Like father, like son ... in more ways than one.
Chris Zaharko is part of the real estate team at Royal LePage Foothills - the group where his father, Ted, is broker/owner.
“I was taught that if you want something, you do it yourself,” says Chris, 34.
“I love people, I love real estate, I love the negotiating and I love the challenge. There has to be excitement in what you do.”
“My ultimate goal is to build my own building - a high-rise,” says Chris. “That’s why I excel in real estate: I make it happen and it’s so neat to see something finished that you’ve actually created.”
Zaharko has just finished the first of what he hopes will be many projects in a new career - the conversion of an old four-storey walk-up apartment building to a high-end condo project with first-time-buyer pricing.
The Tropicana at 1811 18A St. S.W. in the innercity community of Bankview was built in 1968.
“The tenants were given free rein to do whatever they wanted, so we had everything from a Spanish motif in one unit — that included rough-plastered walls that had to be ripped out and re-drywalled — to lino that was glued down, to tile on cement,” says Zaharko. “The first thing I learned was that you have to be a problem-solver.”
He bought the apartment in March with a silent partner, during a year where the pace of resale housing is setting records at the same time that workers are in critical supply in the residential construction industry.
“The city is so busy now, it’s difficult to get things done.”
Although he knew “nothing” about construction, he had a plumber he had used in the past, “so that was a start,” says Zaharko.
“I got a referral for an electrician and got quotes.

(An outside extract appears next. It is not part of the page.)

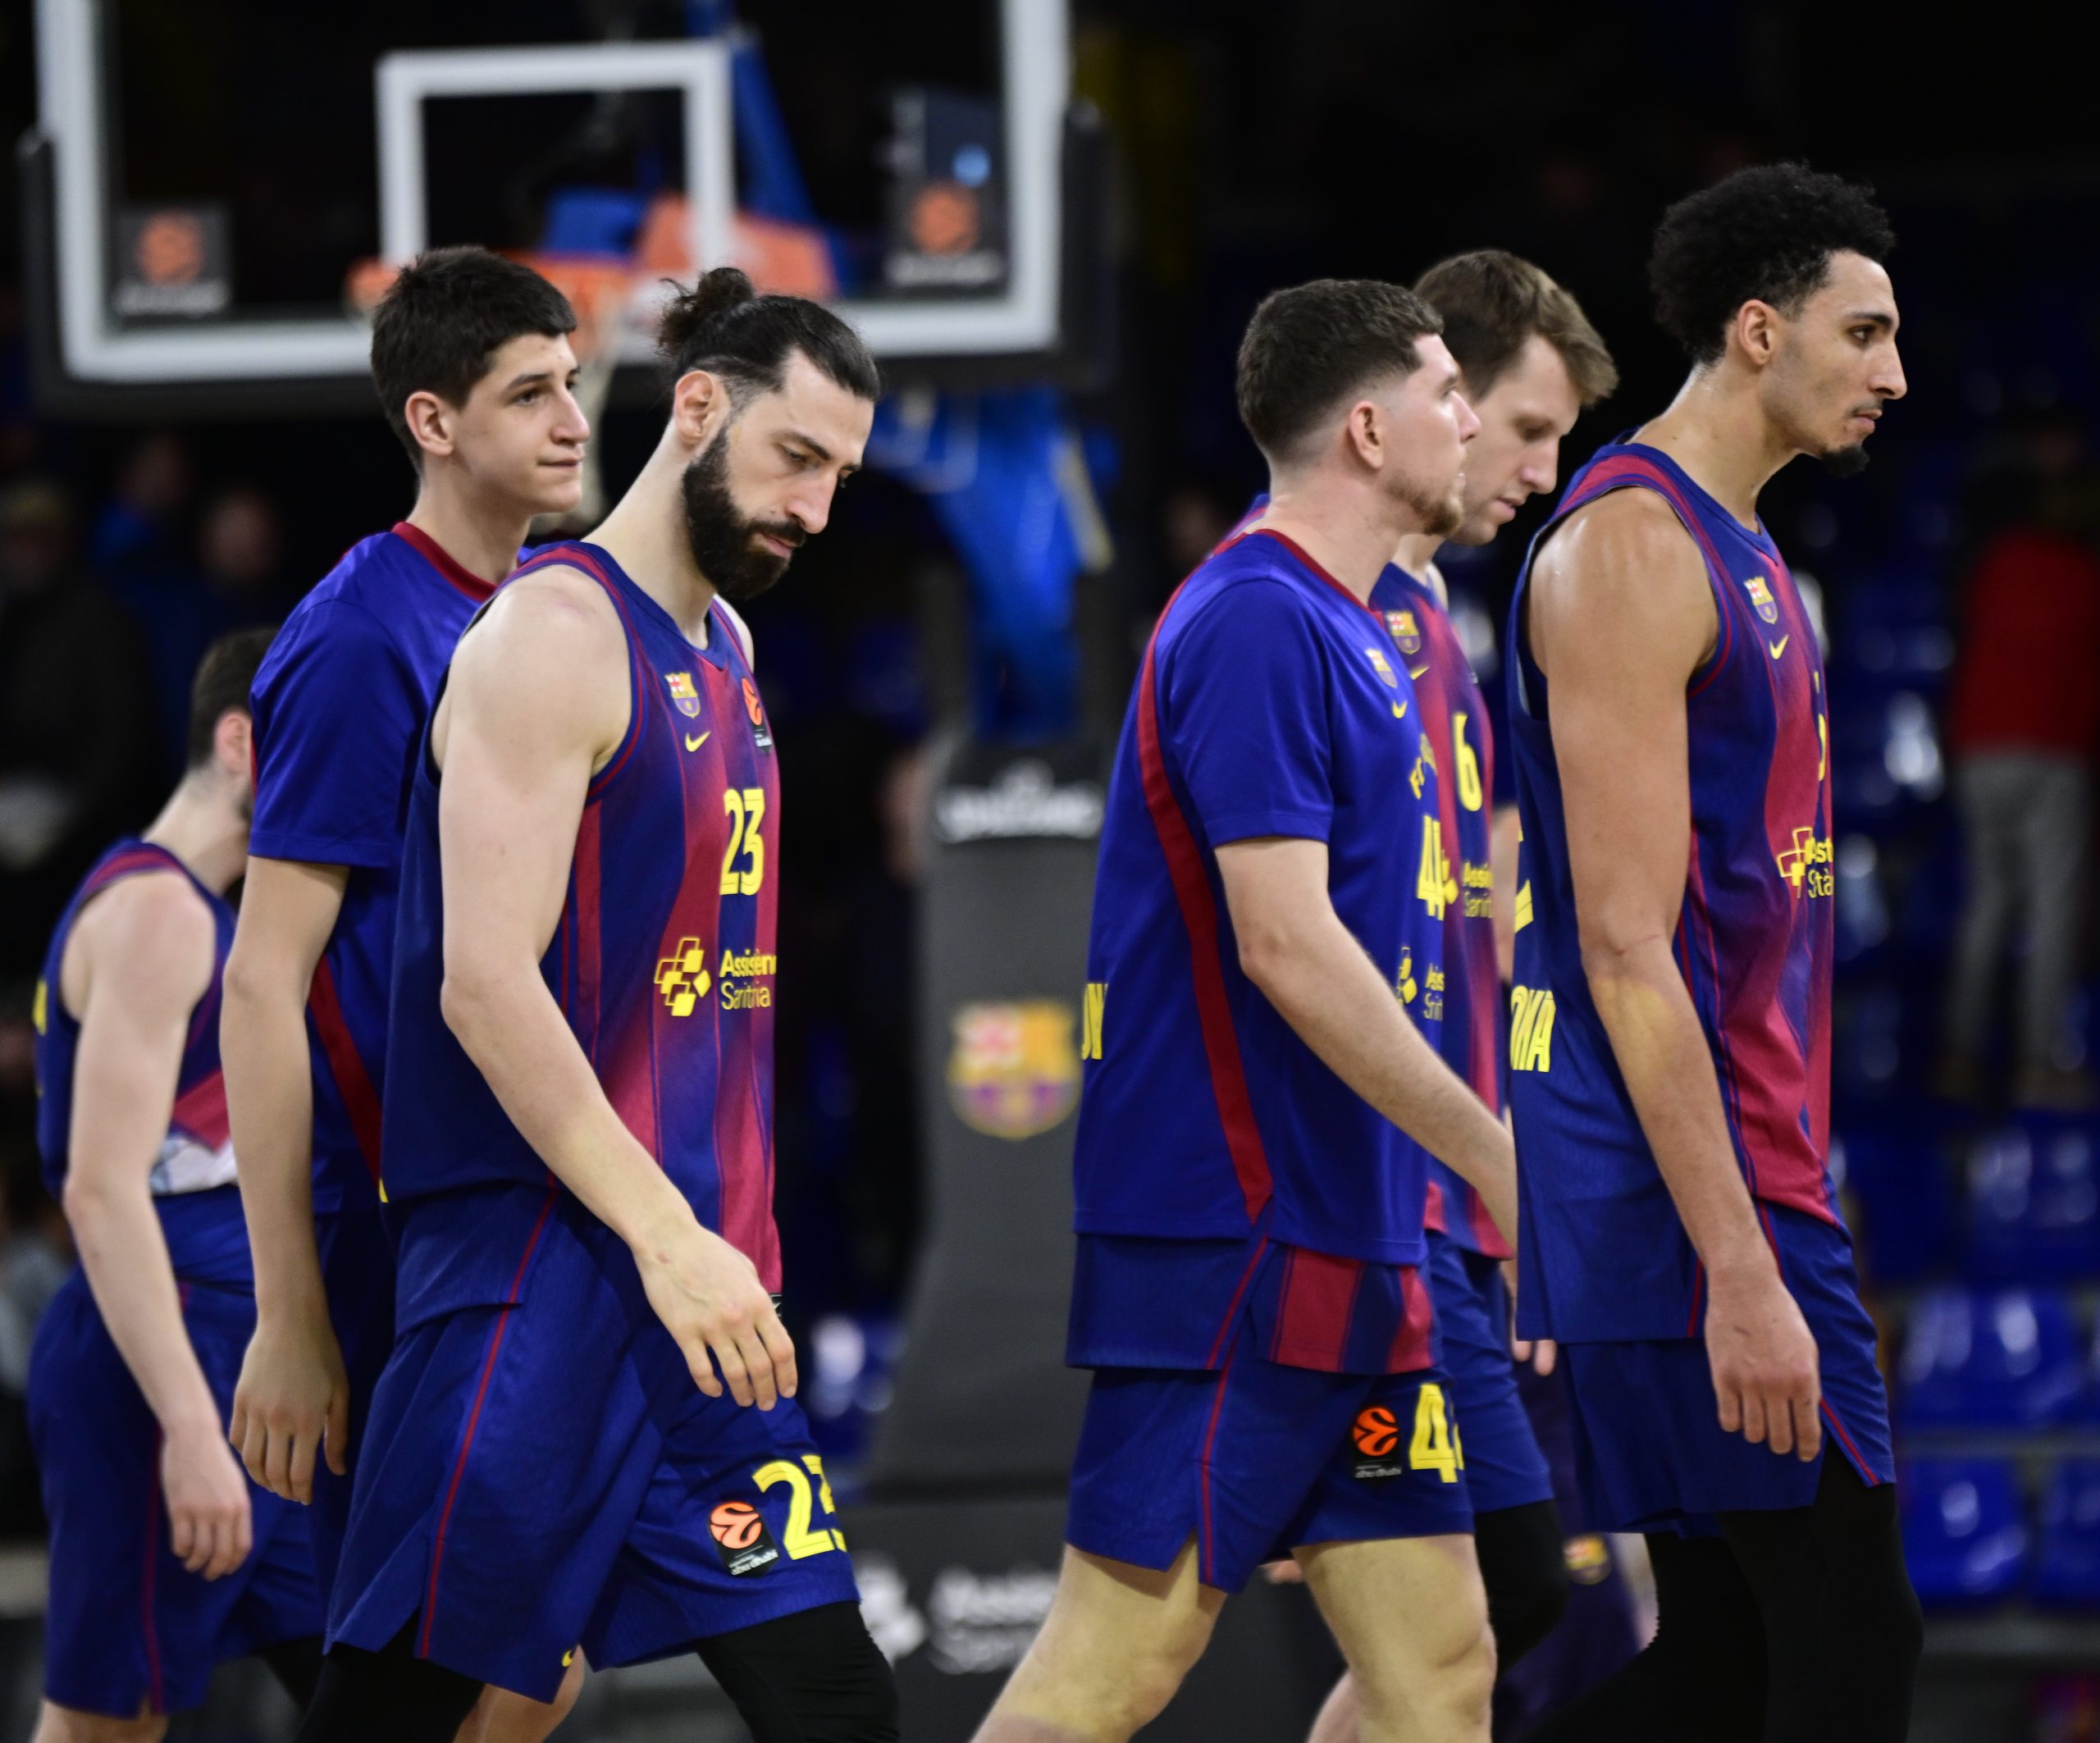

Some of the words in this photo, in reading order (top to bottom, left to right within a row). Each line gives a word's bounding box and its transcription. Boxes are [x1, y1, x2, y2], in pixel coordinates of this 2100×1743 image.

The rest I got from the Yellow Pages and started calling.”
Some tradespeople didn’t show when they were booked, others did poor jobs, and still others upped the amount they wanted to be paid to do the work.
“I had to finish certain things myself, and deal with hiccups all the time, but that’s part of the challenge,” he says. “Some trades, though, were great, and they did care about doing the best job they could.”
He learned “the mindset of the trades,” he says.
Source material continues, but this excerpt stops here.